**INFORMATION GIVEN**
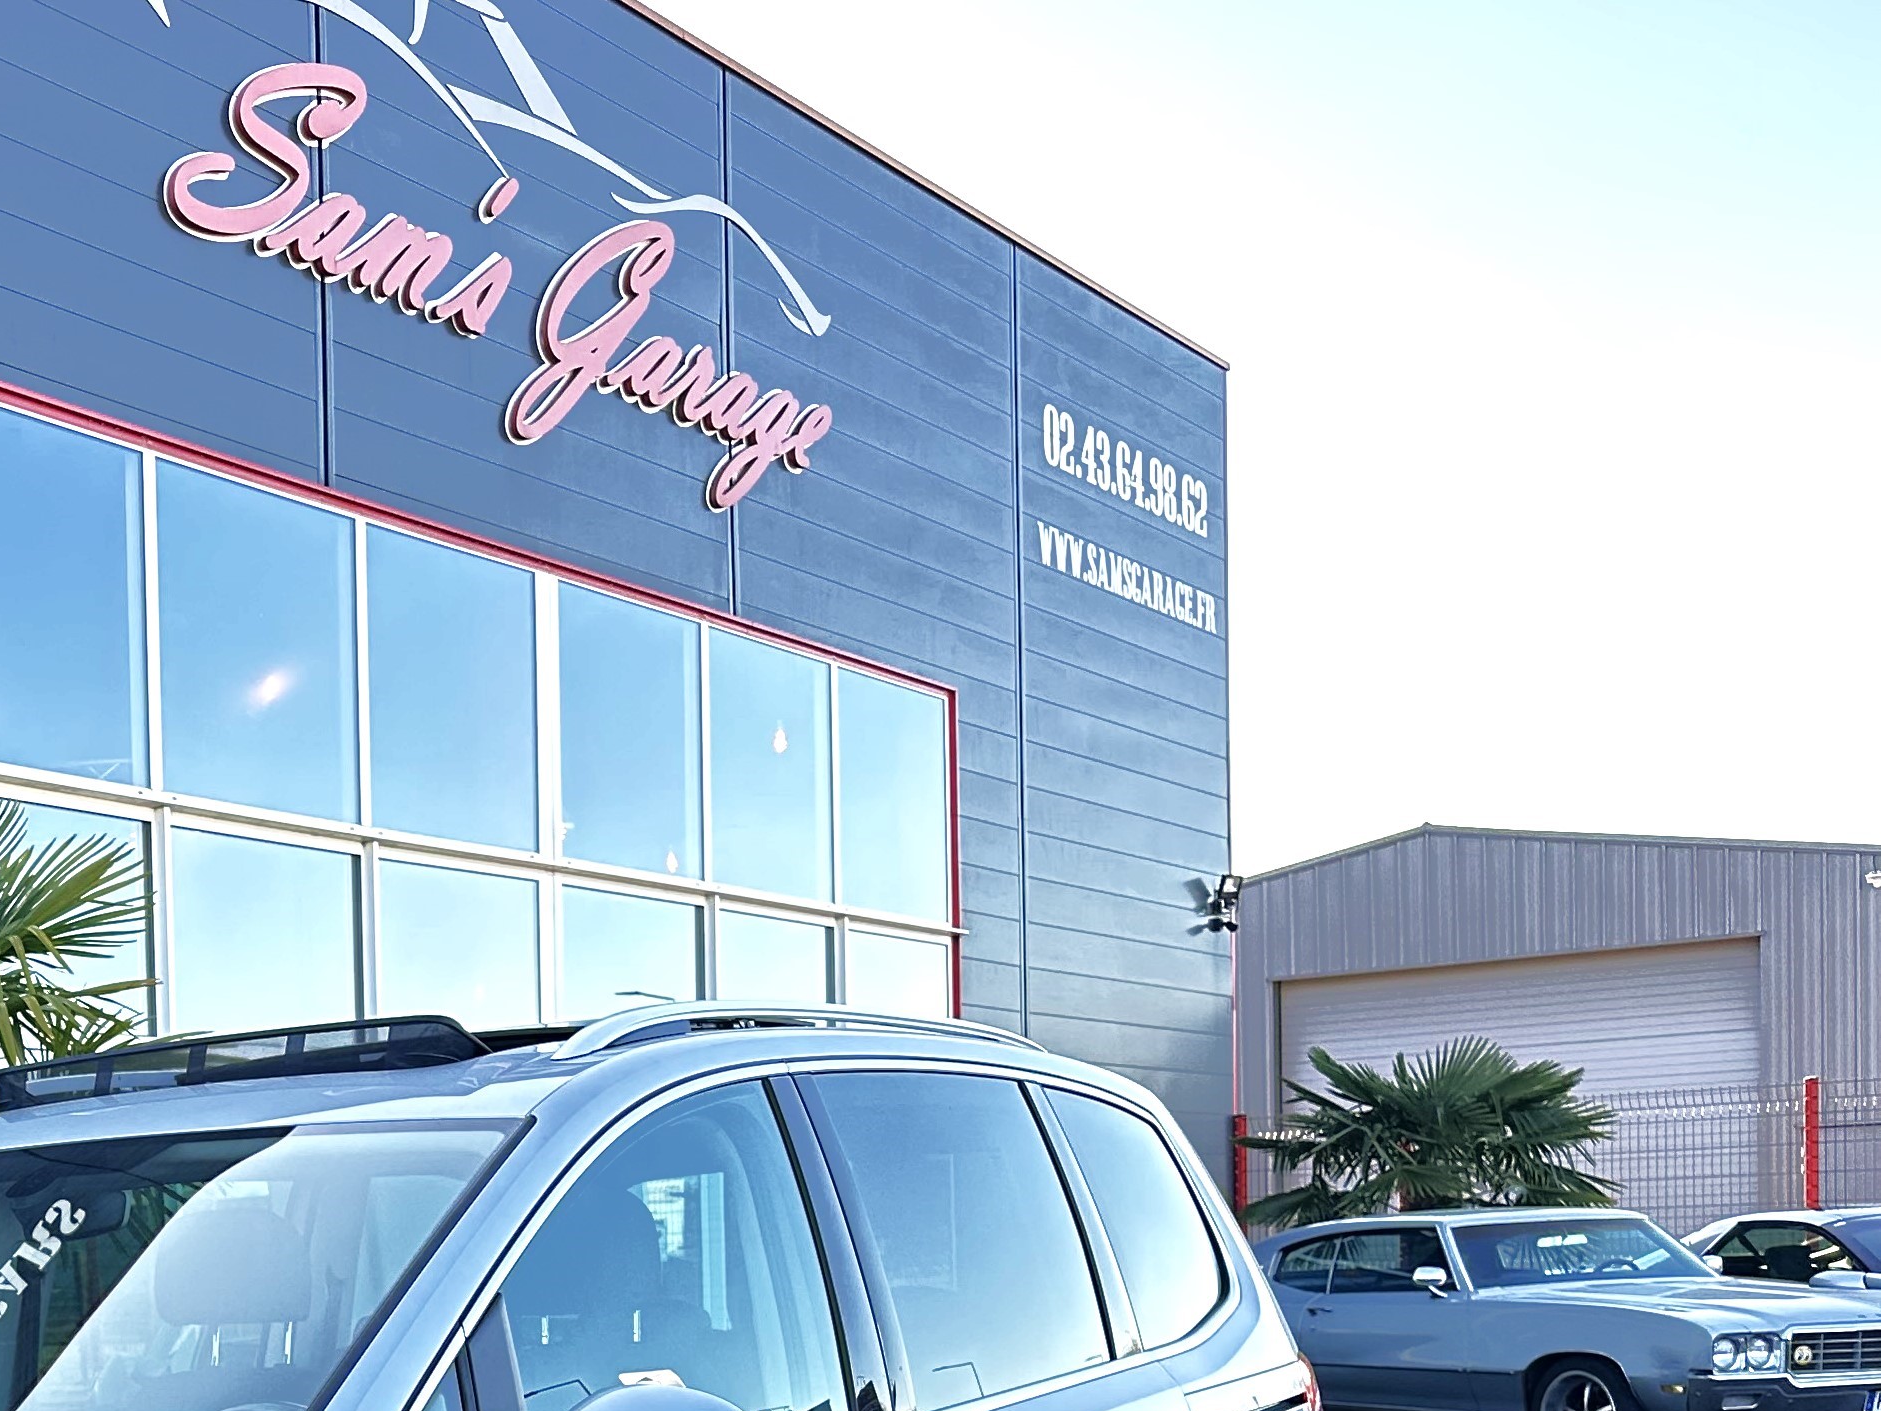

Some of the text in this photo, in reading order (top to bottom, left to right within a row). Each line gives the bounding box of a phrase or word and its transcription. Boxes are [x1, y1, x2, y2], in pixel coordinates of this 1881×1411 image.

[163, 62, 833, 513] Sam's Garage
[1042, 403, 1209, 539] 02.43.64.98.62
[1036, 521, 1217, 635] WWW.SAMSGARAGE.FR
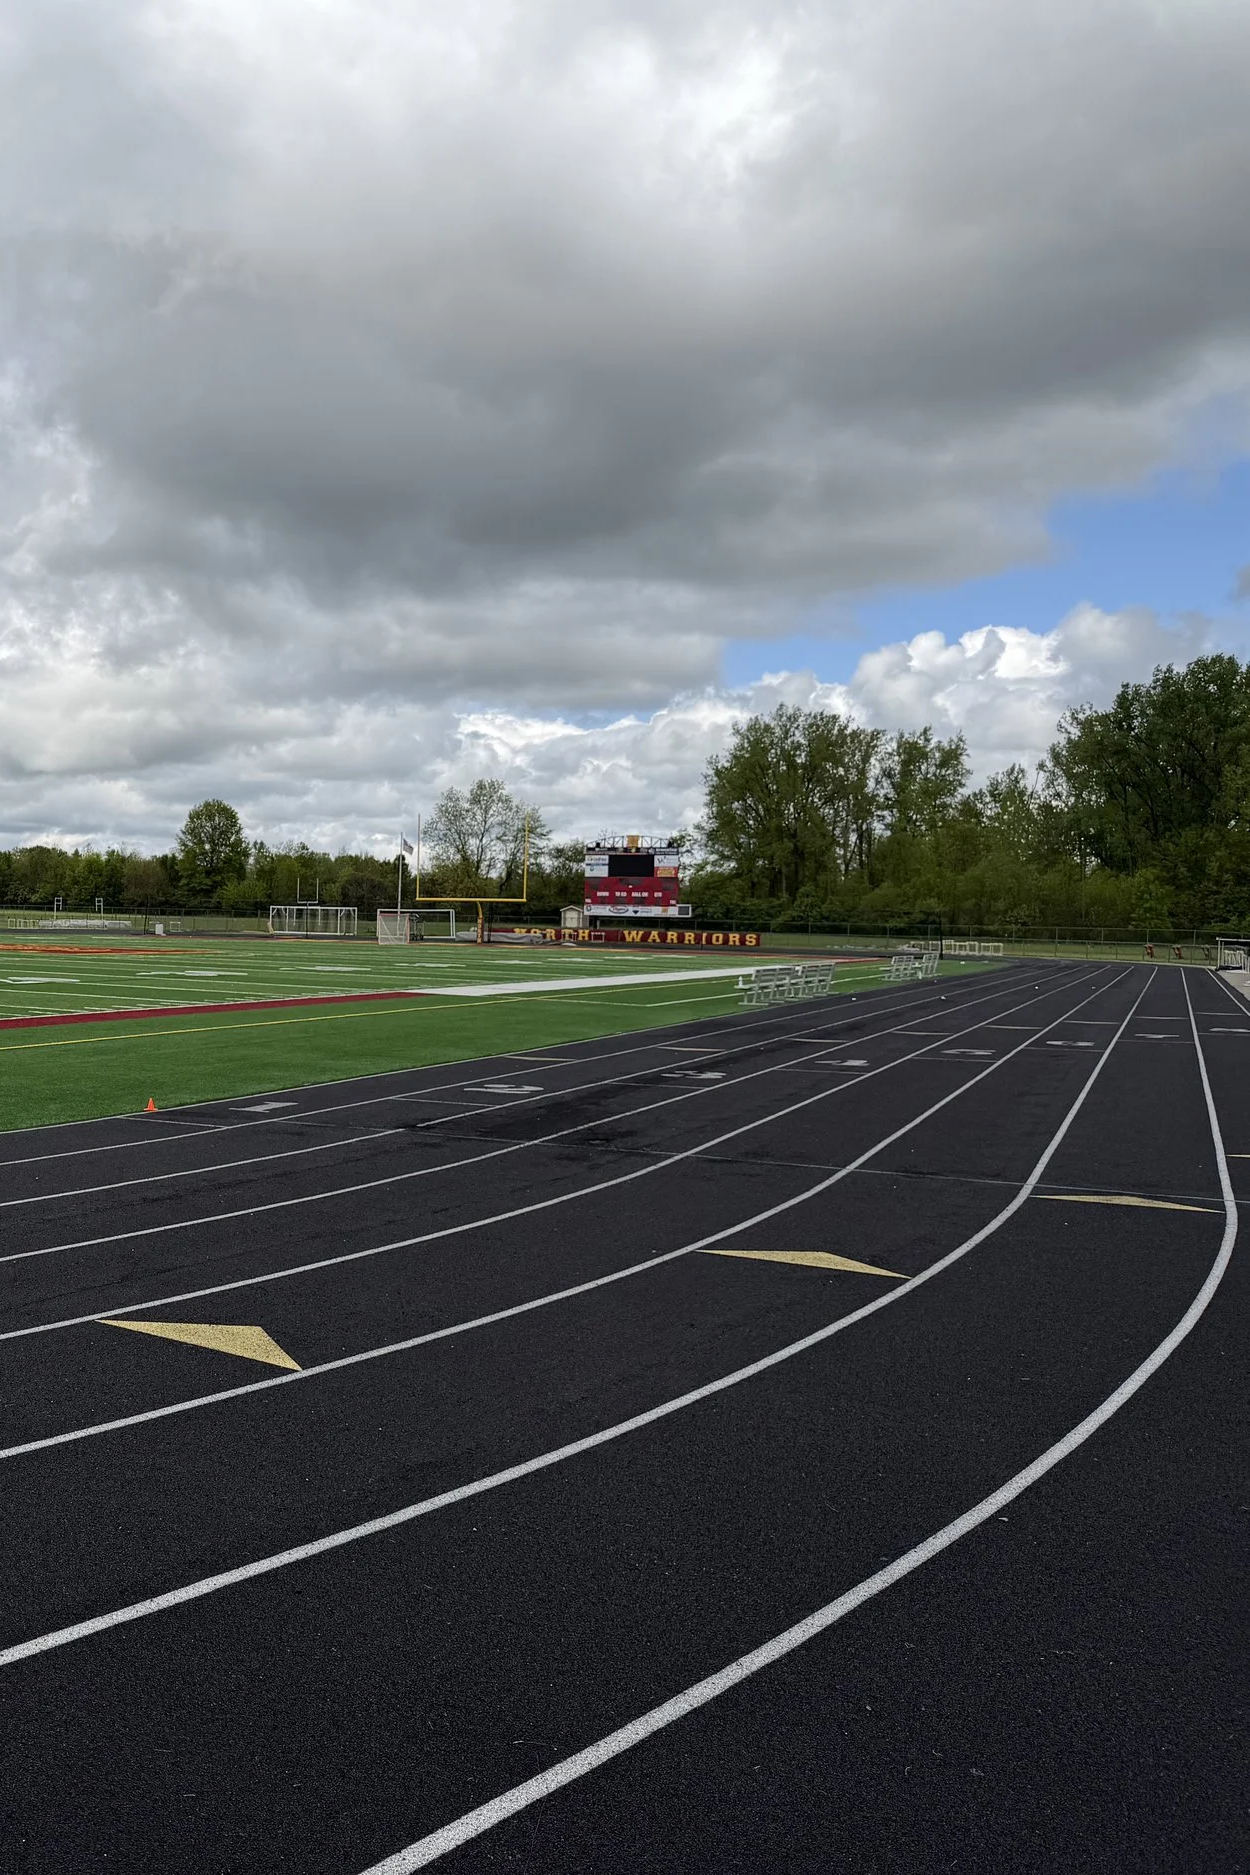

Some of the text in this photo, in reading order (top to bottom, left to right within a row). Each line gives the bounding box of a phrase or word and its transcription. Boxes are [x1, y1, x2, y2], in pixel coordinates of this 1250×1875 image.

[623, 930, 757, 946] WARRIORS
[463, 1083, 544, 1094] 2
[228, 1101, 299, 1113] 1

**TASK PROMPT**
The records, exactly as written but without images, should be returned.

**SOLUTION TO THE EXERCISE**
Some of the text in this photo, in reading order (top to bottom, left to right within a row). Each line gives the bounding box of a phrase or word and its transcription. Boxes are [x1, y1, x2, y2], in pixel coordinates of this 1881×1411 image.

[163, 62, 833, 513] Sam's Garage
[1042, 403, 1209, 539] 02.43.64.98.62
[1036, 521, 1217, 635] WWW.SAMSGARAGE.FR

Some of the text in this photo, in reading order (top to bottom, left to right within a row). Each line gives the bounding box of a phrase or word and its transcription. Boxes are [x1, y1, x2, y2], in pixel coordinates of this 1250×1875 image.

[623, 930, 757, 946] WARRIORS
[463, 1083, 544, 1094] 2
[228, 1101, 299, 1113] 1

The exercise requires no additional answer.